The study of erosional risk mapping in terrestrial and fluvial environments is critical in academia to help build predictive models and preventative strategies to alleviate issues associated with land cover change. Engineers and geomorphologists rely on this information to understand how environmental and anthropogenic forces are impacting erosional rates and the risks associated with them (Chen et al. 2010).
There is currently a gap in knowledge, as no study has yet to construct a SPI gulley network that overlays a continuous erosion rate map to assess soil degradation while using aerial imagery to assess the accuracy of the model’s predictions, this study will be the first case of precise sub-watershed soil erosion and SPI mapping throughout Ontario’s agricultural network. When compared to literature, this study will bridge the gap between erosion mapping and SPI mapping to assess the validity and accuracy of such analysis on a fine scale. This study will test the effectiveness of using fine scale LiDAR DEM data to accurately identify in-field gullies that supply credible soil erosion metrics to the farmers of Ontario, and aims to formally consolidate a proper methodology, and work flow, that clearly states which software and inputs are effective at outputting erosion rate maps and stream power indices.

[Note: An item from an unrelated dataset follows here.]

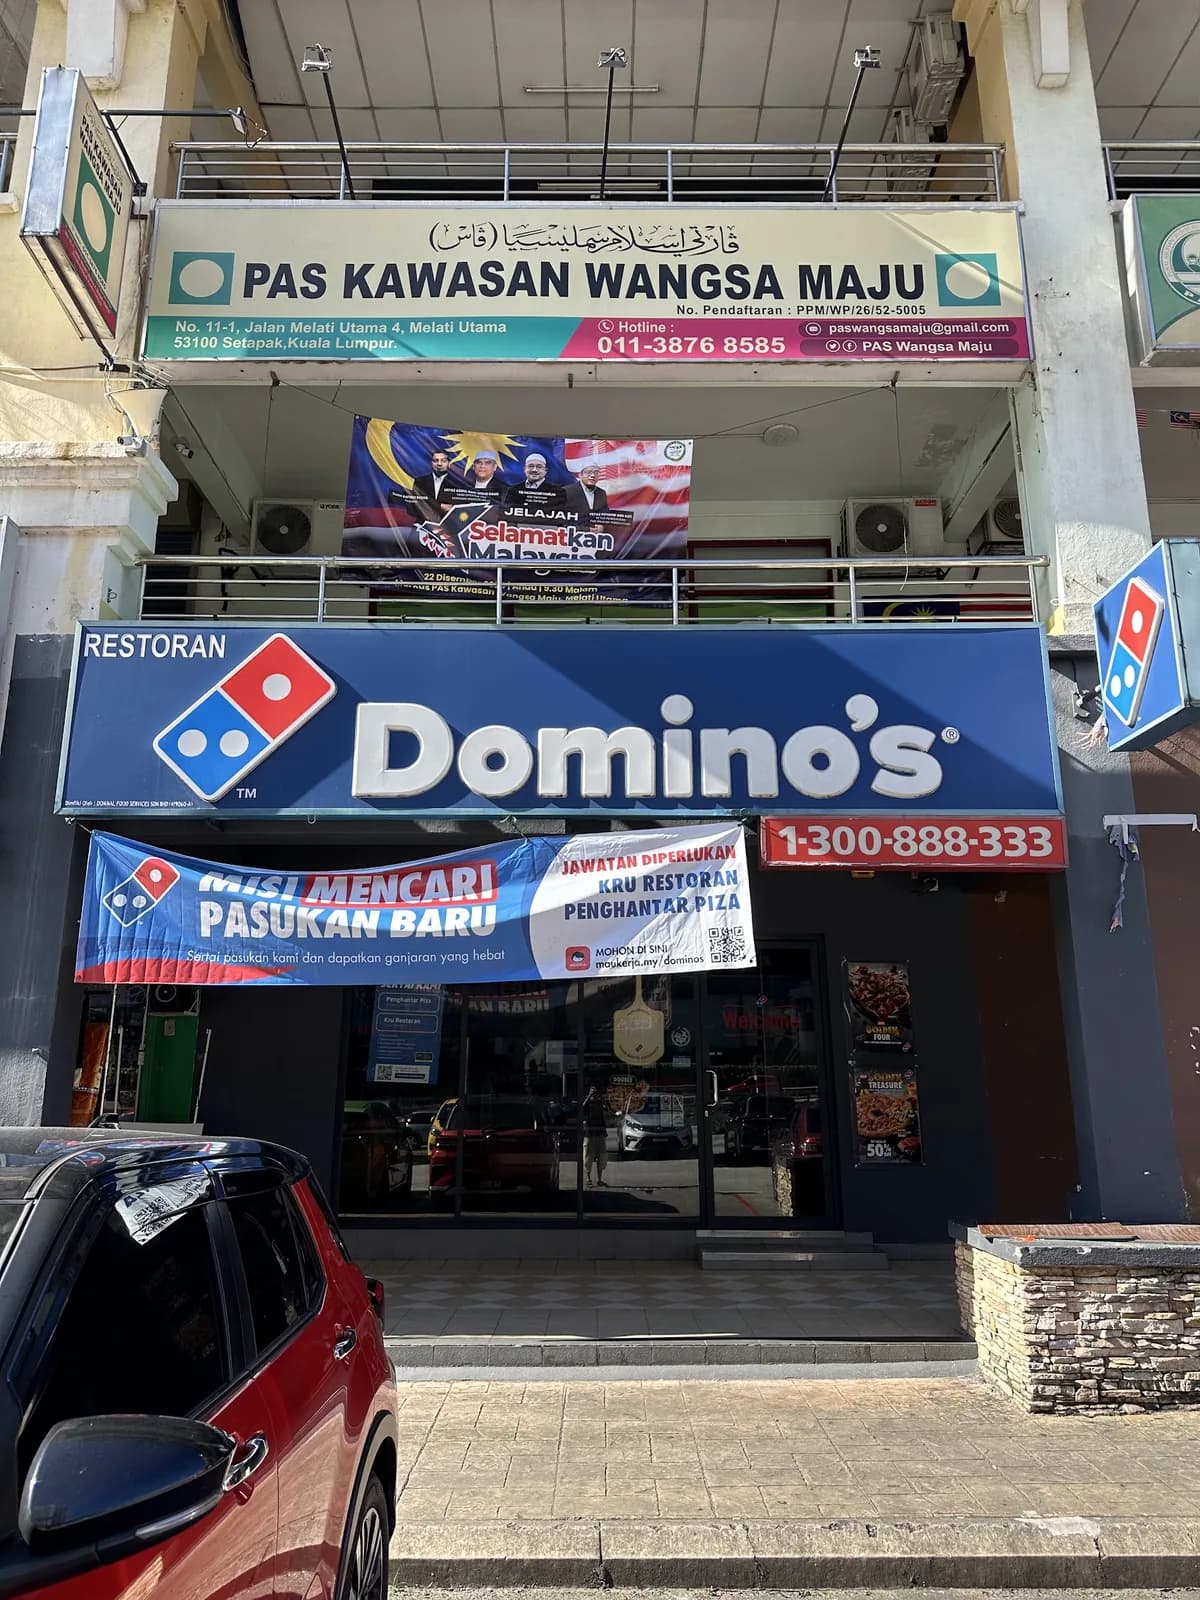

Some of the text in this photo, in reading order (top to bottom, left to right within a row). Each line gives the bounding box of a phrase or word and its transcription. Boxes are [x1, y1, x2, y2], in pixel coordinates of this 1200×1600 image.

1. To identify factors important to calculating potential soil loss accessible for a catchment scale assessment.
2. To use ArcGIS to effectively compute potential erosion for the studied watershed based off the RUSLE on a cell-by cell basis.
3. To apply SPI tools to generated predicted soil loss maps to identify areas of increased gullying risk from erosion.
4. To evaluate the accuracy of SPI to predict gully location using aerial photographs between the studied watershed to identify any preference between high and low gradient systems.